SUPPLIED RECORDS below:

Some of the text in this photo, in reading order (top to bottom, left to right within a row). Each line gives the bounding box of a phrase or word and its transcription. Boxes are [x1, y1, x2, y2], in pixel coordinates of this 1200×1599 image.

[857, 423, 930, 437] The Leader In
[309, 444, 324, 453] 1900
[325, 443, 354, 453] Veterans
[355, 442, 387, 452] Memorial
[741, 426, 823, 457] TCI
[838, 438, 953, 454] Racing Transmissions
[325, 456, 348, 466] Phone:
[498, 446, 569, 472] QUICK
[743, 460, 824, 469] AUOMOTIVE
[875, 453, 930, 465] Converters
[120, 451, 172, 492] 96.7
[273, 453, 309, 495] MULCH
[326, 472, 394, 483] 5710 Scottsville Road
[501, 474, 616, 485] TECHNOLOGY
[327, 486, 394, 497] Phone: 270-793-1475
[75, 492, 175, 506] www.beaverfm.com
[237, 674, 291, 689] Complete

End of SUPPLIED RECORDS.

• TASK DETAILS
Each record shown above must be printed once more, exactly.

• OUTPUT OF THE TASK
Some of the text in this photo, in reading order (top to bottom, left to right within a row). Each line gives the bounding box of a phrase or word and its transcription. Boxes are [x1, y1, x2, y2], in pixel coordinates of this 1200×1599 image.

[857, 423, 930, 437] The Leader In
[309, 444, 324, 453] 1900
[325, 443, 354, 453] Veterans
[355, 442, 387, 452] Memorial
[741, 426, 823, 457] TCI
[838, 438, 953, 454] Racing Transmissions
[325, 456, 348, 466] Phone:
[498, 446, 569, 472] QUICK
[743, 460, 824, 469] AUOMOTIVE
[875, 453, 930, 465] Converters
[120, 451, 172, 492] 96.7
[273, 453, 309, 495] MULCH
[326, 472, 394, 483] 5710 Scottsville Road
[501, 474, 616, 485] TECHNOLOGY
[327, 486, 394, 497] Phone: 270-793-1475
[75, 492, 175, 506] www.beaverfm.com
[237, 674, 291, 689] Complete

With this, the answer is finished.